Each sentence has been annotated by at least two different annotators and now, I would like to ask an expert to review and resolve disagreements at the entity and relationship level. For this, it would be useful to display, for each sentence, how each annotator has labelled it and give the option to the expert to modify spans and relations in the interface. I have tried with

 prodigy review reviewed_rel_bio rel_bio_an1,rel_bio_an2 --view-id relations --label Theme,Cause --span-label GGP,Gene_Expr,Transcr,Prot_Cat,Phosph,Loc,Bind,Reg,Reg+,Reg-

However, the --view-id relations doesn't recognise the argument --span-label. For the nature of this task, it's very important to be able to annotate both, entities and relations simultaneously and be able to easily perform reviews/fixes on those cases in which there are disagreements. Is there any workaround for this?
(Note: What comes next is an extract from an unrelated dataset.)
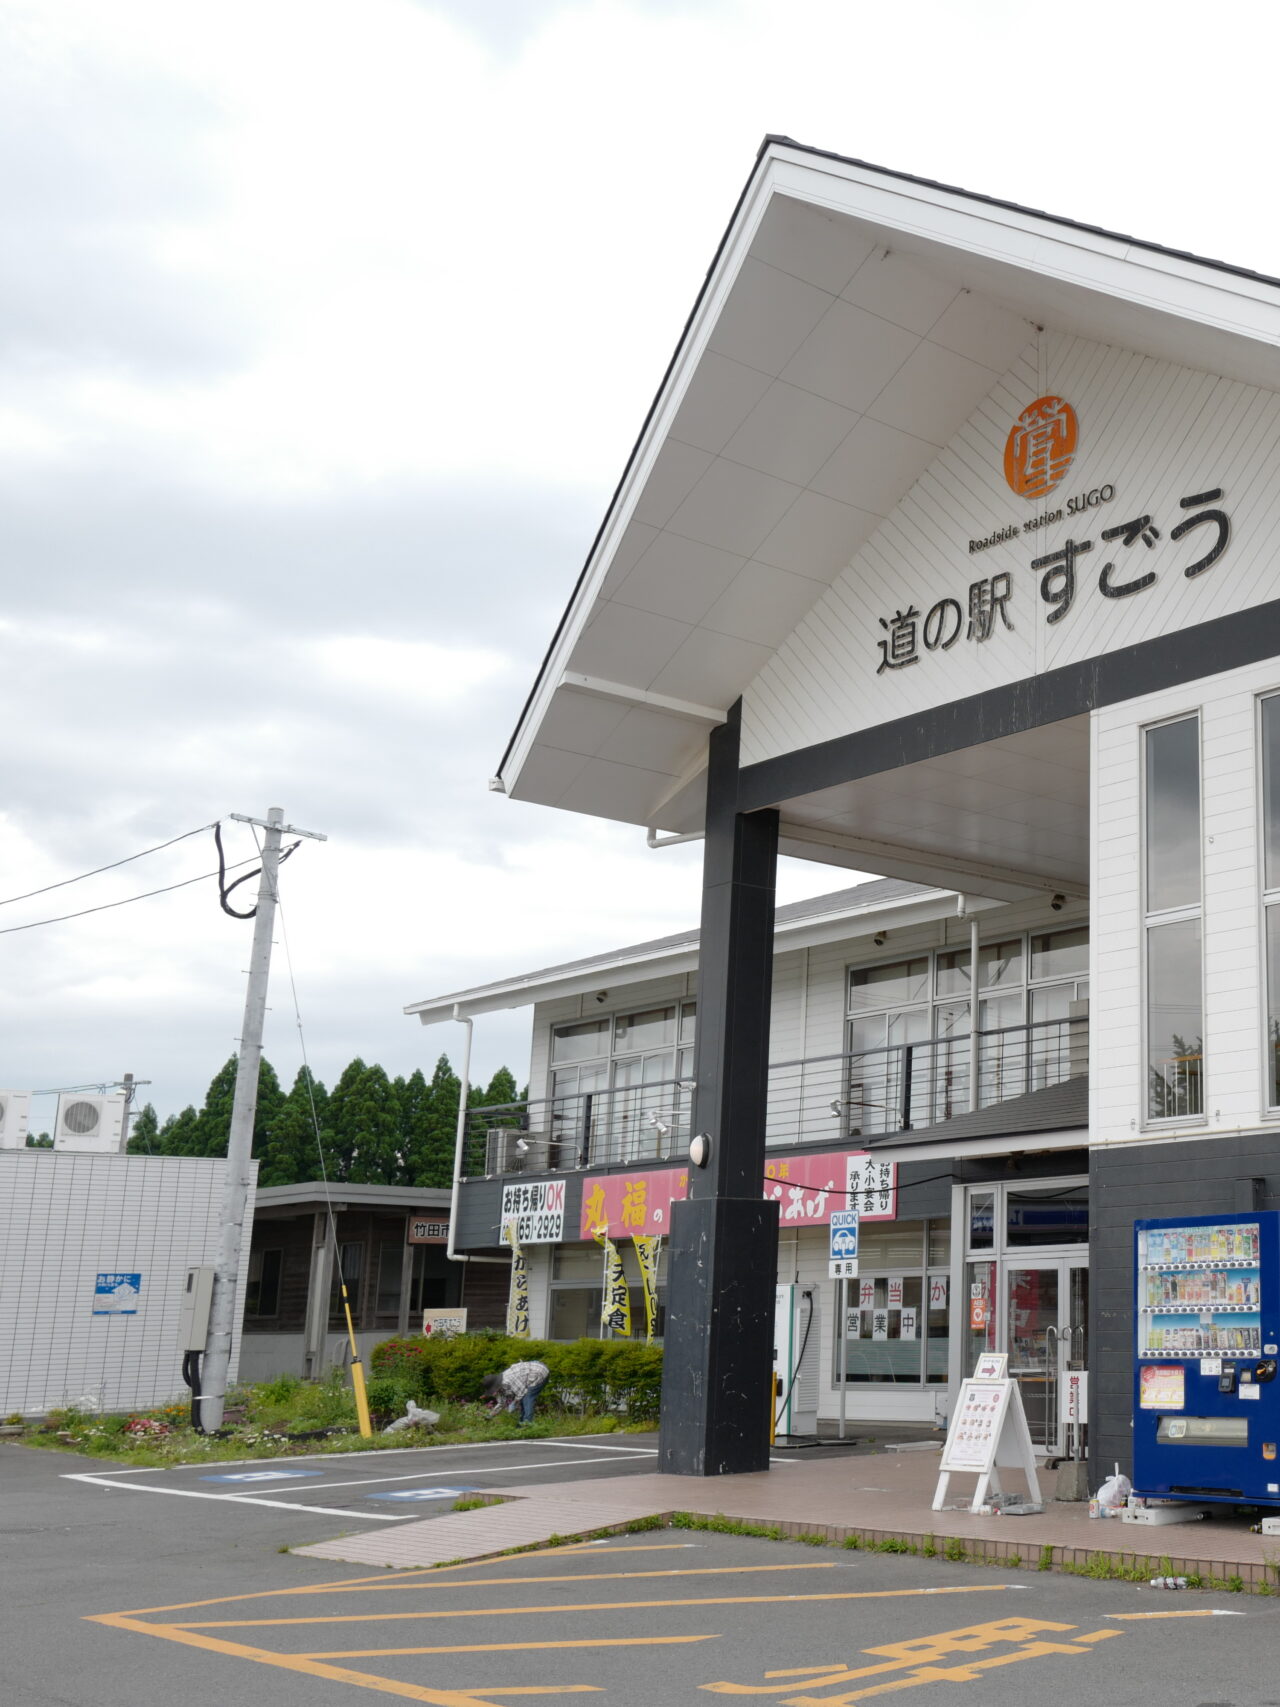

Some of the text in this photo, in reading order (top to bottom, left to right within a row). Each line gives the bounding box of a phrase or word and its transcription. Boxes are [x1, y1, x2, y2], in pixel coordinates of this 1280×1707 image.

Ah yeah, that makes sense! The easiest solution would be to just put a prodigy.json in your current working directory and put a "relations_span_labels": [] in it, containing your span labels. This should overwrite the default and make your span labels available to the interface.

(I'll need to think of a way to handle these extra settings in the review UI going forward!)

Thank you so much for this Ines, your solution worked well and allowed us to have entities and relations in the same review interface.

Something I noticed is that when annotations mismatch/disagree at the entity or relation levels you don't see what each annotator labelled in one task/interface as you do in reviews of NER/text classification. Instead, you see the same sentence repeated in different (consecutive) tasks, each task with the labels of each annotator. That means that you have to "resolve" the same sentence as many times as input datasets. However, if two annotators agree on the task, then you only see that example once.

Is this the expected behaviour? It seems like a big limitation to not be able to visualise/compare labels across datasets in a single task.

This is definitely not expected and somehow must come down to the hashes that are generated – because these are used to decide whether two annotations are referring to the same input example (i.e. are different versions of the same annotation) or whether they're different tasks.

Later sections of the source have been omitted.